Pese a todo, en la cuenta de Lagos se especifica, como en la de Barack Obama, que las publicaciones escritas por el propio ex presidente van firmadas por “R.L”. Por si quedaba alguna duda, durante la tarde el ex presidente reiteró su apoyo al proyecto de despenalización de aborto en tres causales desde el Museo de la Memoria, señalando que los parlamentarios que tengan “problemas de conciencia” con la iniciativa deben pensar en “la conciencia de la mujer”.

El arrojo actual del ex presidente contrasta con las políticas en cuanto a derechos sexuales y reproductivos de las mujeres llevadas adelante en su gobierno. Durante la administración de Lagos se dispuso, por primera vez, la entrega de la llamada “pastilla del día después” Postinor-2, pero la restringió sólo a las mujeres que la requirieran en el servicio público acreditando una violación ante el doctor.

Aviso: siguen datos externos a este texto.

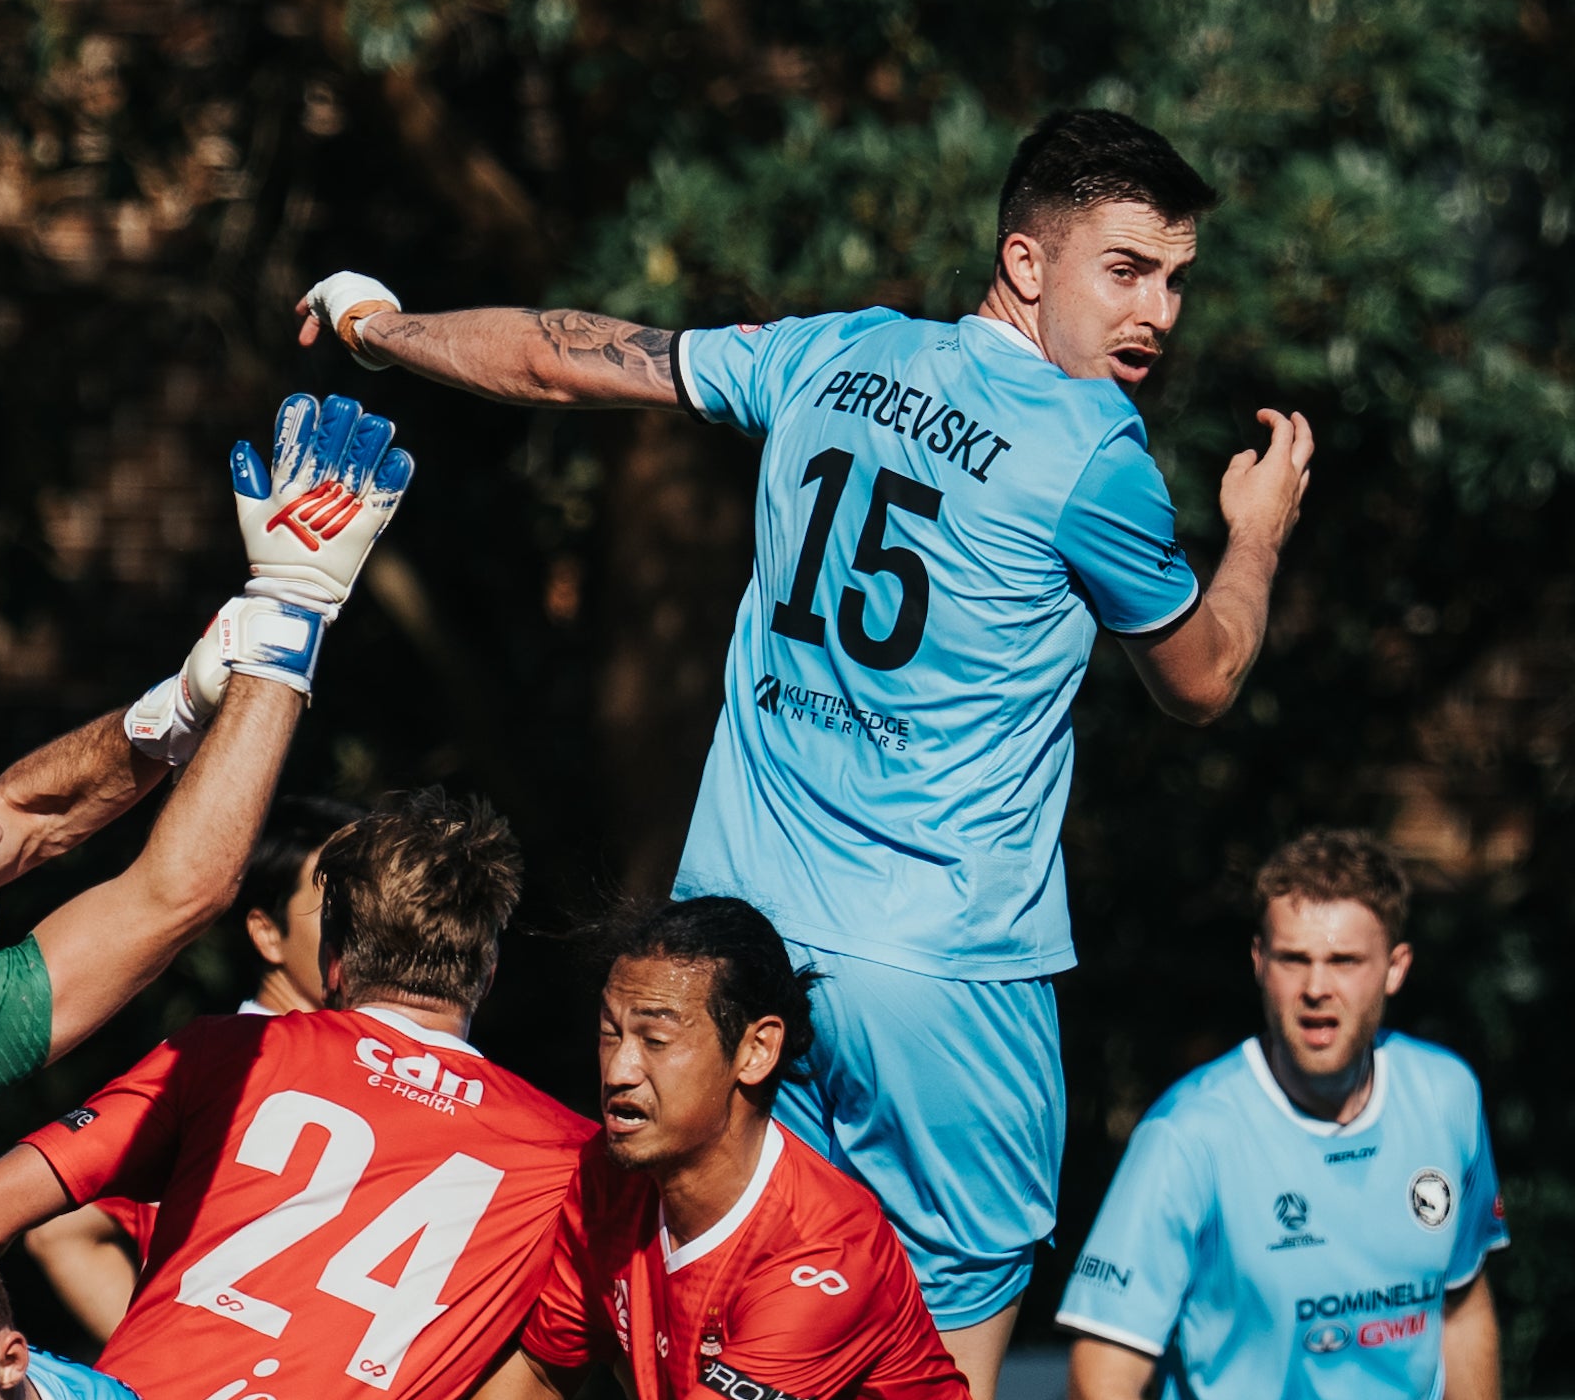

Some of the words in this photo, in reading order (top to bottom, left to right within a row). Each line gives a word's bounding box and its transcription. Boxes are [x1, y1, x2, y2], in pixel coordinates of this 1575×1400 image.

[770, 447, 944, 671] 15
[779, 704, 908, 751] INTERIORS
[784, 684, 861, 720] KUTTIN
[354, 1037, 484, 1105] cdn
[367, 1073, 456, 1117] e-Health
[174, 1089, 505, 1391] 24

En medio de las conmemoraciones del día de la mujer, el 8 de marzo de 2005 el Subsecretario de Salud, Antonio Infante (PPD) anunció en La Segunda que “se considera, a partir de ahora, como otro método anticonceptivo”, por lo que “estará a disposición no sólo de las víctimas de violación sino de cualquier mujer que tuvo sexo inseguro y corre el riesgo de tener un embarazo no deseado”. El vocero de gobierno, Francisco Vidal selló el destino de Antonio Infante: “en este Gobierno nadie se manda sólo”. Al día siguiente, el 9 de marzo, el Presidente Lagos le pidió públicamente la renuncia. 

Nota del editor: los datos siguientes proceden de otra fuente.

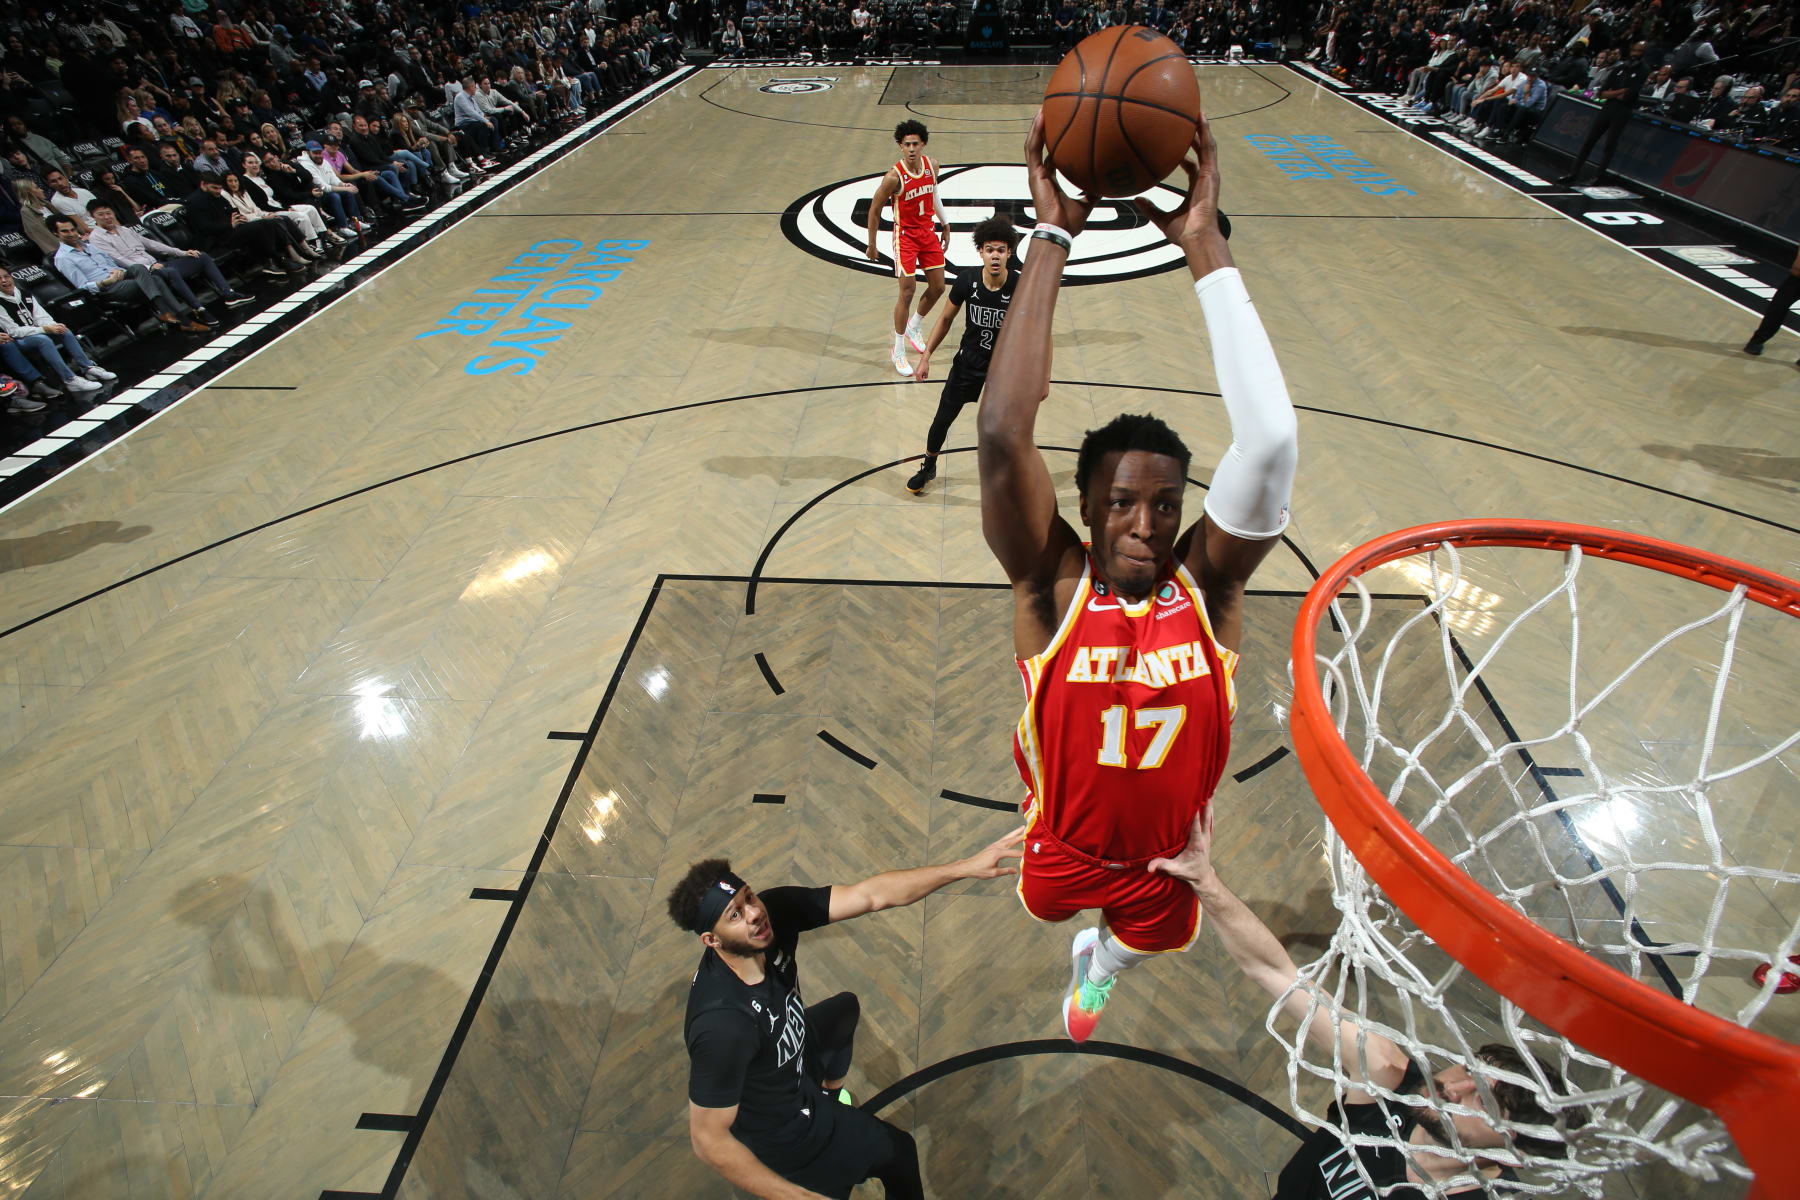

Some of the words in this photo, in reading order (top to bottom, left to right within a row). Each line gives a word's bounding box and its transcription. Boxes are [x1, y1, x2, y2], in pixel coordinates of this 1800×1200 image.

[1243, 133, 1335, 181] CENTER
[1289, 134, 1417, 196] BARCLAYS
[918, 200, 925, 216] 1
[11, 264, 43, 280] QATAR
[412, 238, 584, 341] CENTER
[463, 239, 652, 376] BARCLAYS
[979, 329, 994, 350] 2
[1155, 601, 1192, 621] sharecare
[1065, 640, 1211, 689] ATLANTA
[1097, 704, 1187, 770] 17
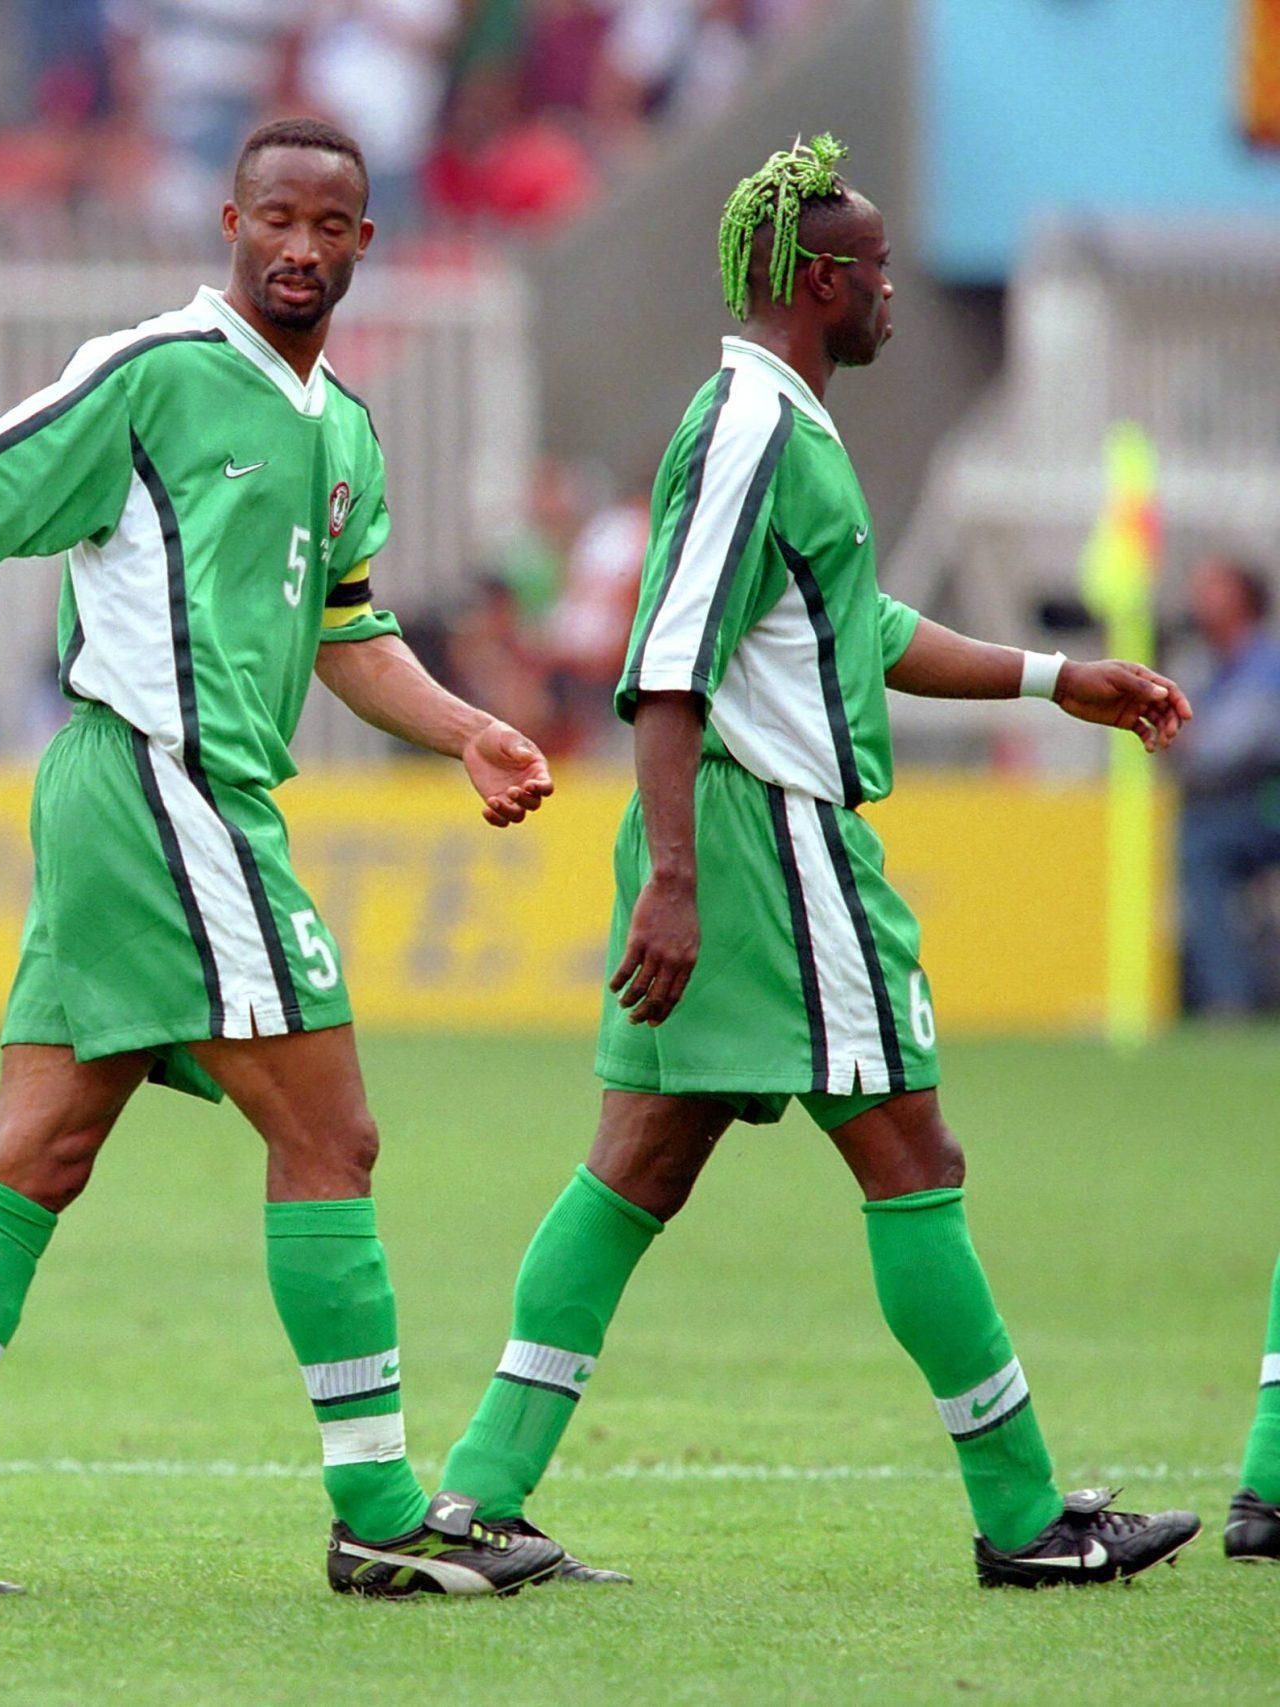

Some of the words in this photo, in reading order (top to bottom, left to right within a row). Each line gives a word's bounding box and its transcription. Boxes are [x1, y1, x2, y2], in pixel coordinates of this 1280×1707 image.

De acuerdo a la académica Lidia Casas en su investigación “La saga de la anticoncepción en Chile”, el Postinor-2 sufrió varios embates desde que empezó el debate por su entrega y venta libre. Entre ellas estuvieron acciones judiciales que iniciaron en la Corte de Apelaciones el 2001 y llegaron a la Suprema el 2005, culminando en el Tribunal Constitucional el 2007, intentando impedir que el Estado entregara la “pastilla del día después”. Paralelamente, una fuerte campaña conservadora buscaba que las farmacias no tuvieran el stock necesario a la venta, así como apelaron a la objeción de conciencia de los profesionales de la salud para su entrega. Según señala Lidia Casas, bajo el mandato de Ricardo Lagos y su ministro de Salud, Pedro García, no hubo voluntad de fiscalizar estos hechos.

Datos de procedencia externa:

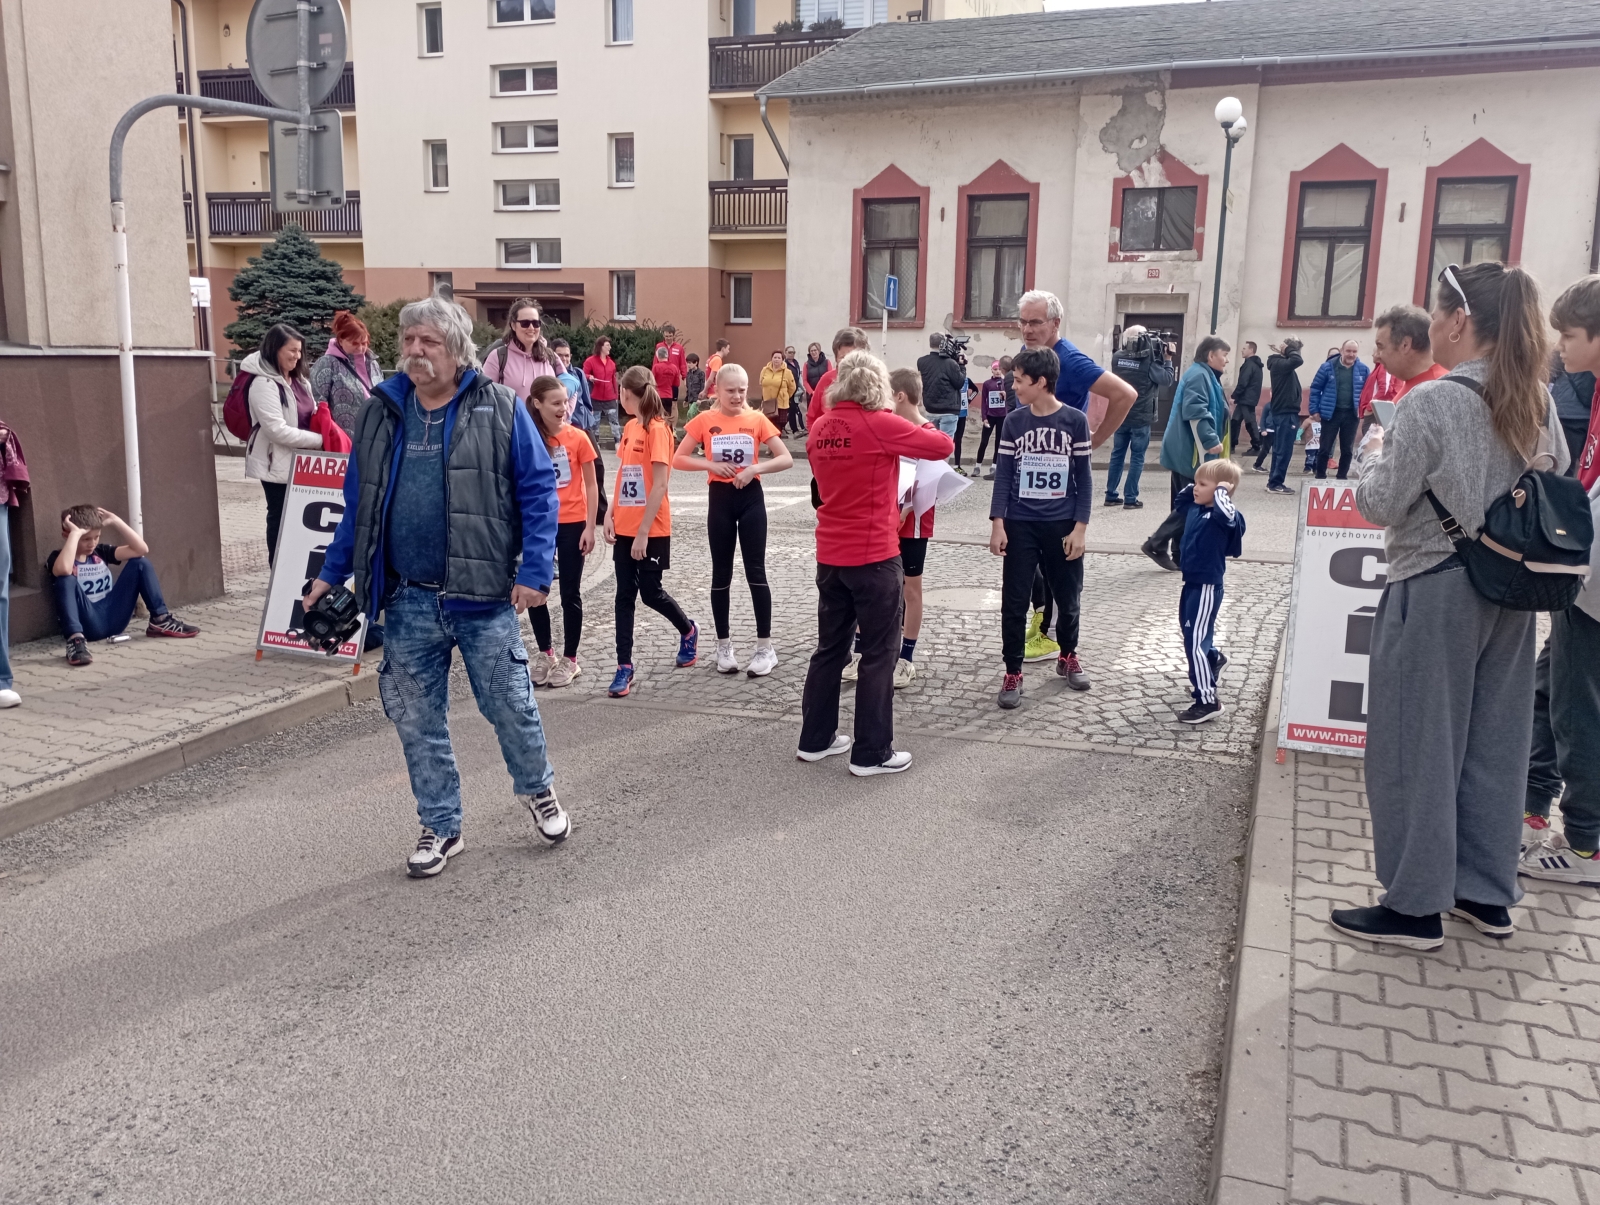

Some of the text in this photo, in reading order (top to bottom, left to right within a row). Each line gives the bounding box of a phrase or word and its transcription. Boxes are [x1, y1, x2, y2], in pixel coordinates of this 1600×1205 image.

En el primer gobierno de Bachelet, la ministra de Salud Soledad Barría comenzó una política de fiscalización a la escasez de Postinor-2. En septiembre de 2006 Bachelet emitió una resolución que permitía su entrega en libre disposición en el servicio público de salud, que desató protestas conservadoras y una nueva ofensiva judicial. Finalmente, el 2010 se estableció el derecho de todas las mujeres a recibir el anticonceptivo de emergencia. Según cifras de la Superintendencia de Salud, desde 2013 a 2015 las solicitudes de Postinor-2 han subido en un 71%, llegando a 12.199 el año pasado.

En marzo de 2014 Antonio Infante volvió a la alta administración pública de la salud de la mano del gobierno de Michelle Bachelet, ejerciendo hasta ahora como director del Servicio de Salud Metropolitano Sur Oriente. La pastilla del día después, en tanto, se vende en farmacias sin receta médica desde diciembre del 2015.